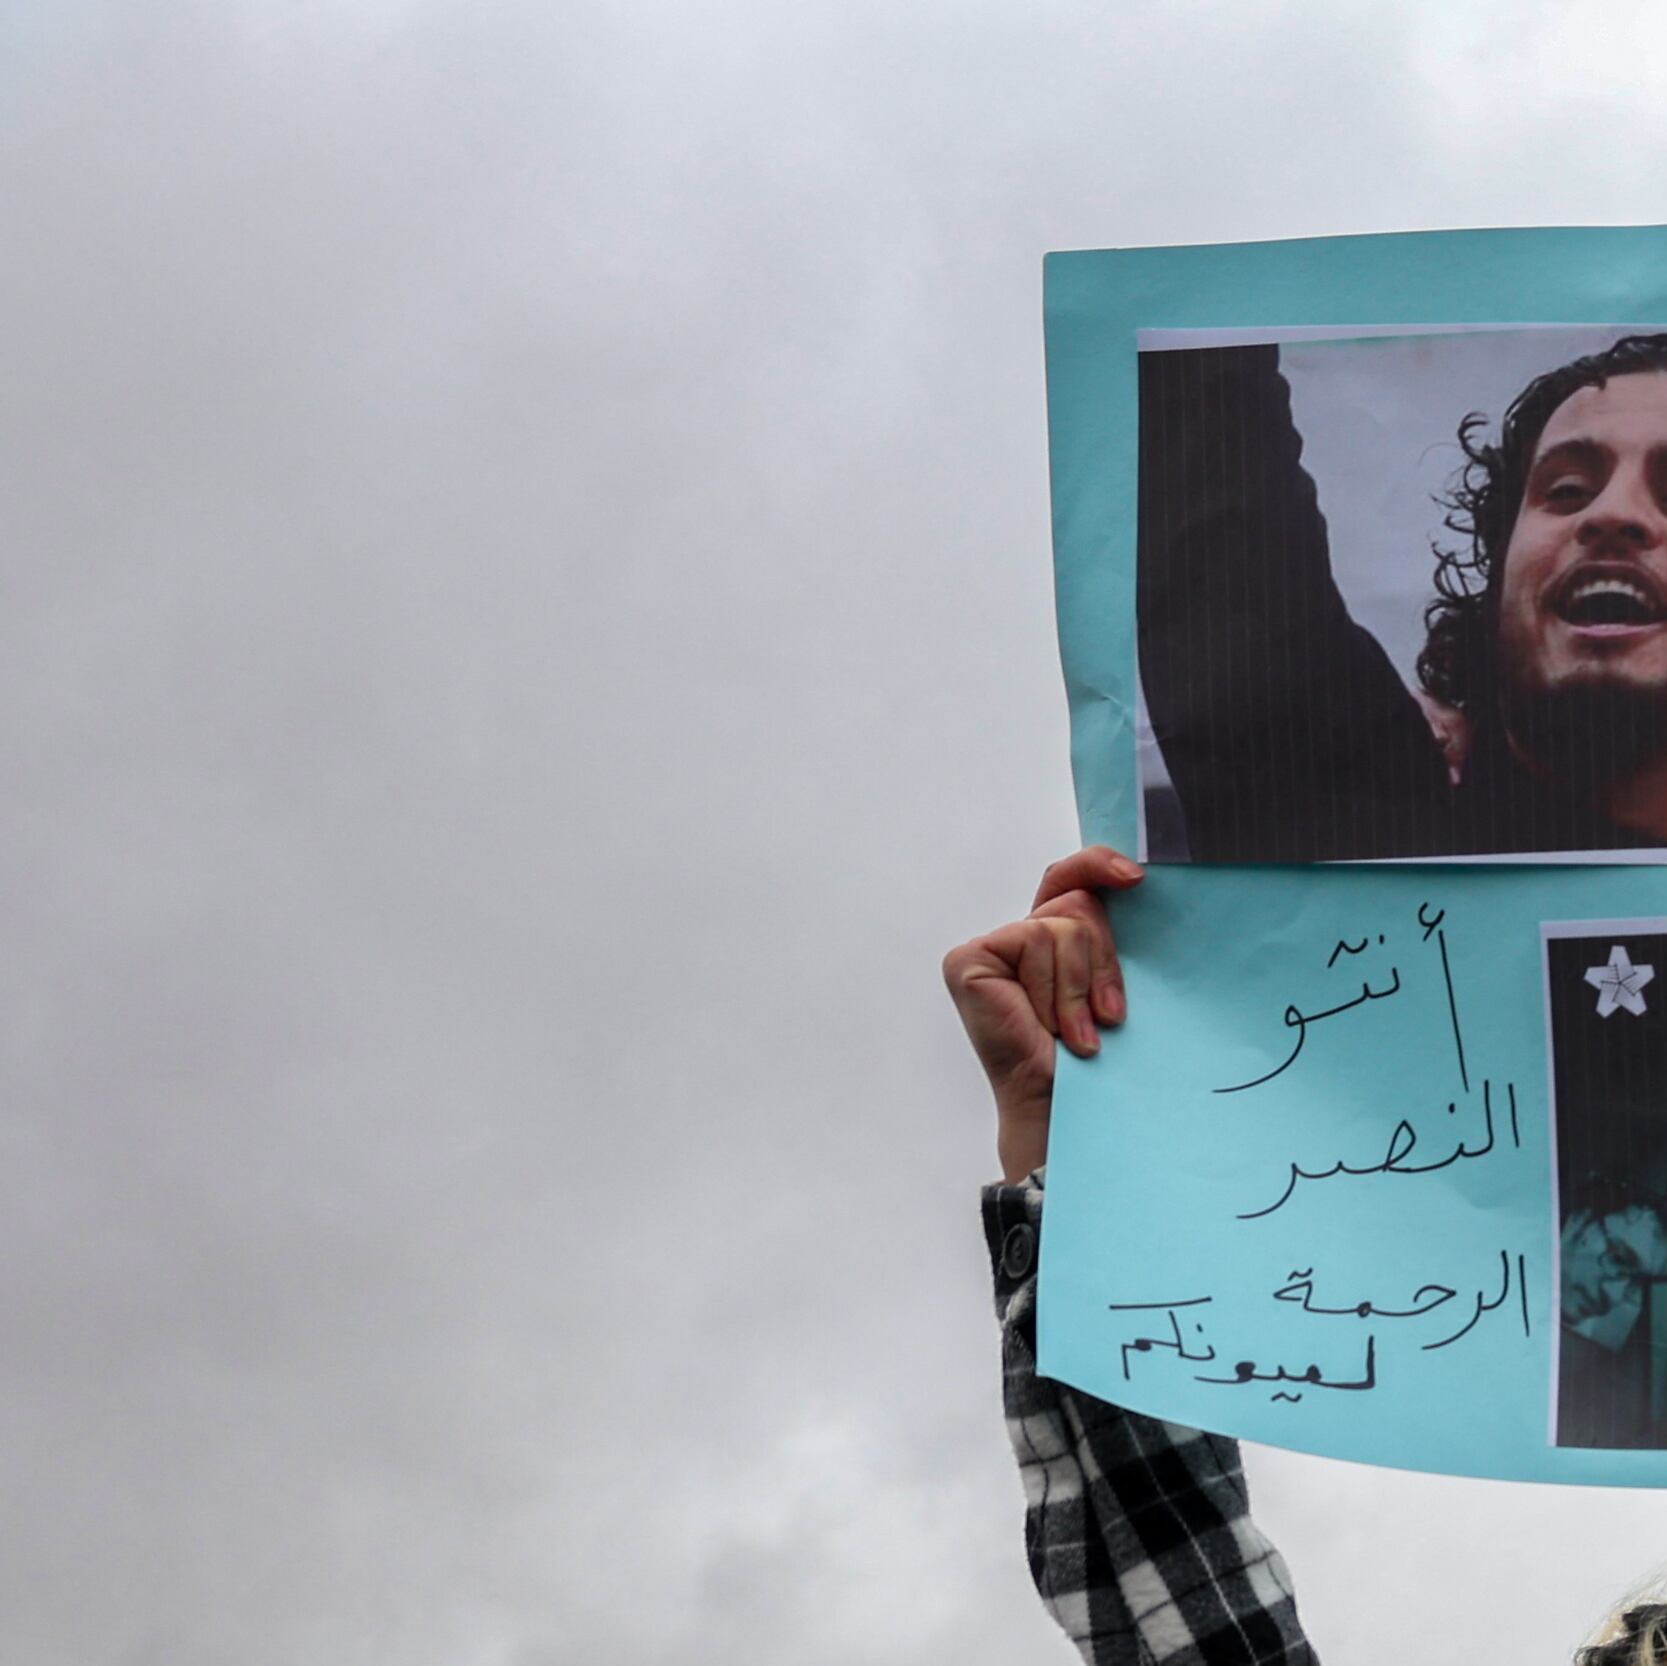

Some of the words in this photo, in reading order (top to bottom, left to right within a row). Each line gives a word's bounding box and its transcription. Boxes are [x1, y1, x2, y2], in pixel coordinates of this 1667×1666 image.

[1212, 902, 1470, 1093] أنتو
[1236, 1079, 1520, 1220] النصر
[1273, 1250, 1531, 1351] الرحمة
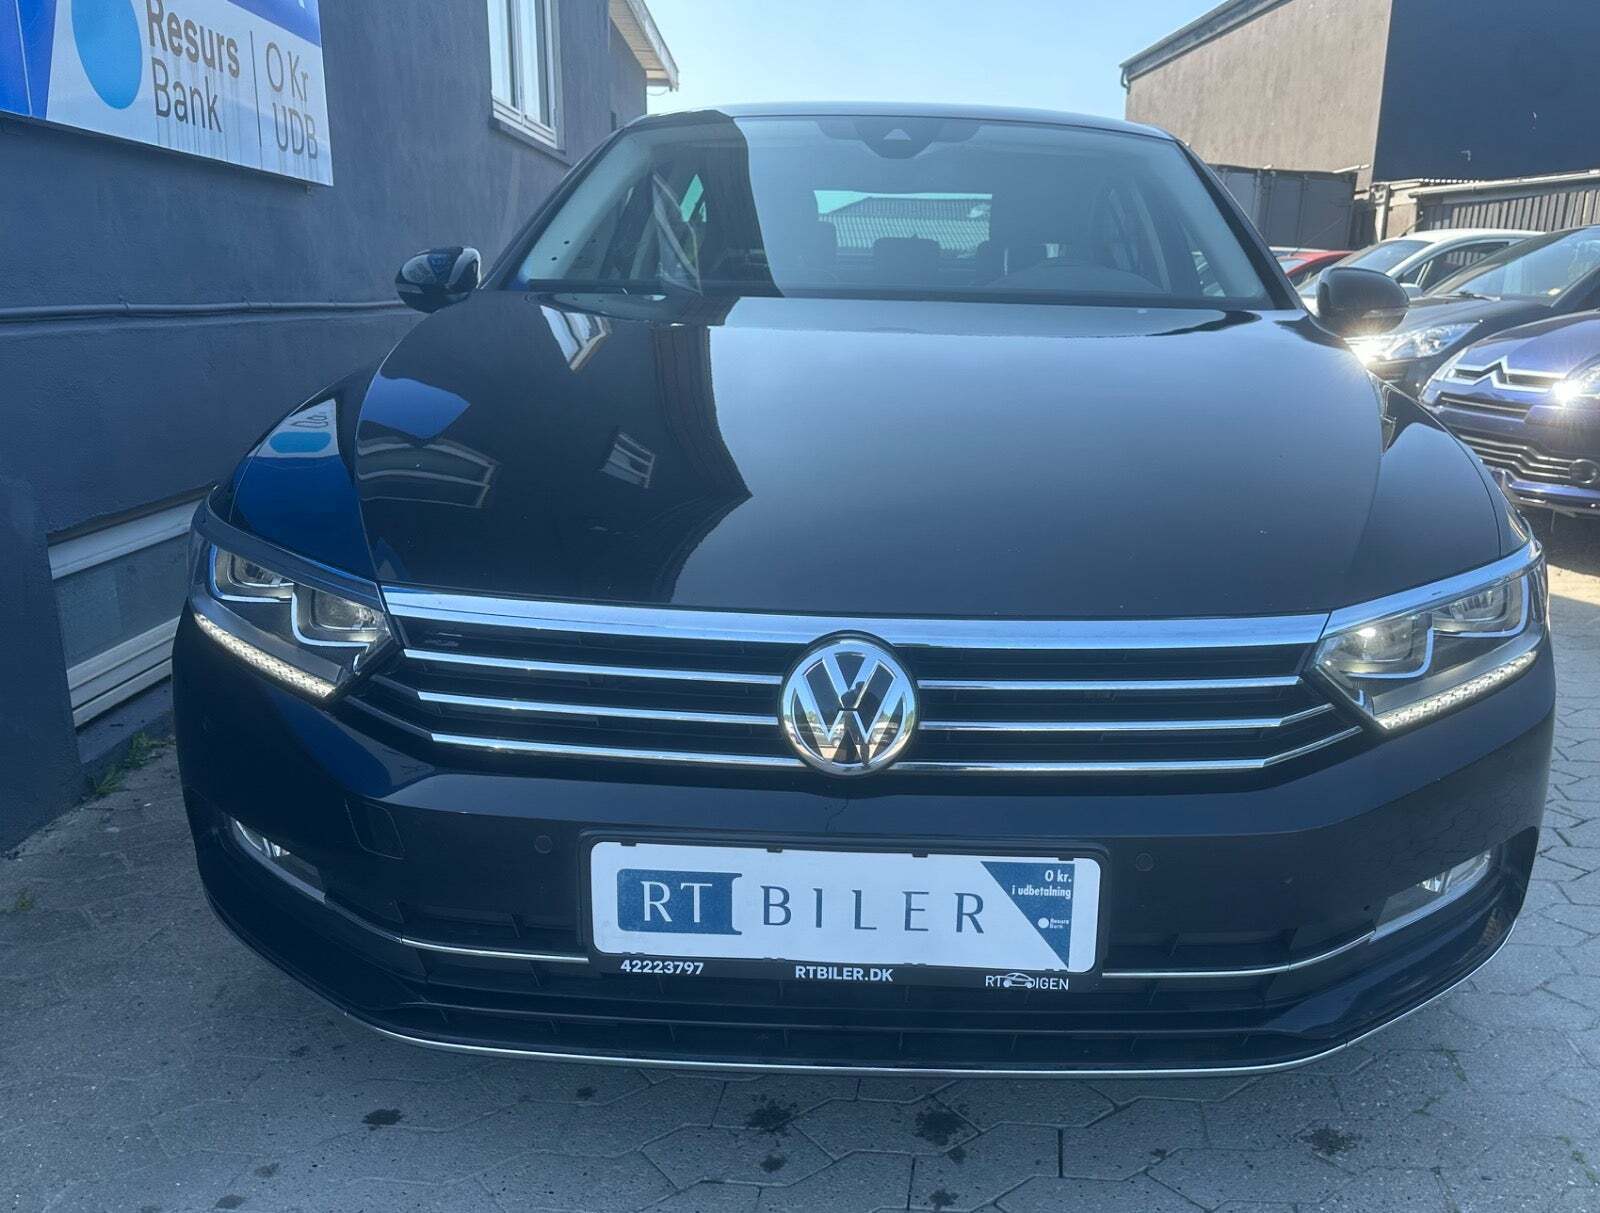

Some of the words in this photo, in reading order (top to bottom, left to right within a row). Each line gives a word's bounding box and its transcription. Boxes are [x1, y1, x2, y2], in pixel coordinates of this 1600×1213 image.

> _Instructions to follow_: Could you repeat all of the material exactly? Pictures should not be copied.

> _Exercise result_:
Some of the words in this photo, in reading order (top to bottom, left to right within a row). Each line gives a word's bounding box and its transcription. Boxes are [x1, y1, x2, y2], in pixel coordinates of this 1667×1666 image.

[1212, 902, 1470, 1093] أنتو
[1236, 1079, 1520, 1220] النصر
[1273, 1250, 1531, 1351] الرحمة

Some of the words in this photo, in reading order (top to bottom, left to right within a row). Each line gives a word's bounding box and its transcription. Boxes are [x1, y1, x2, y2], in pixel coordinates of this 1600×1213 image.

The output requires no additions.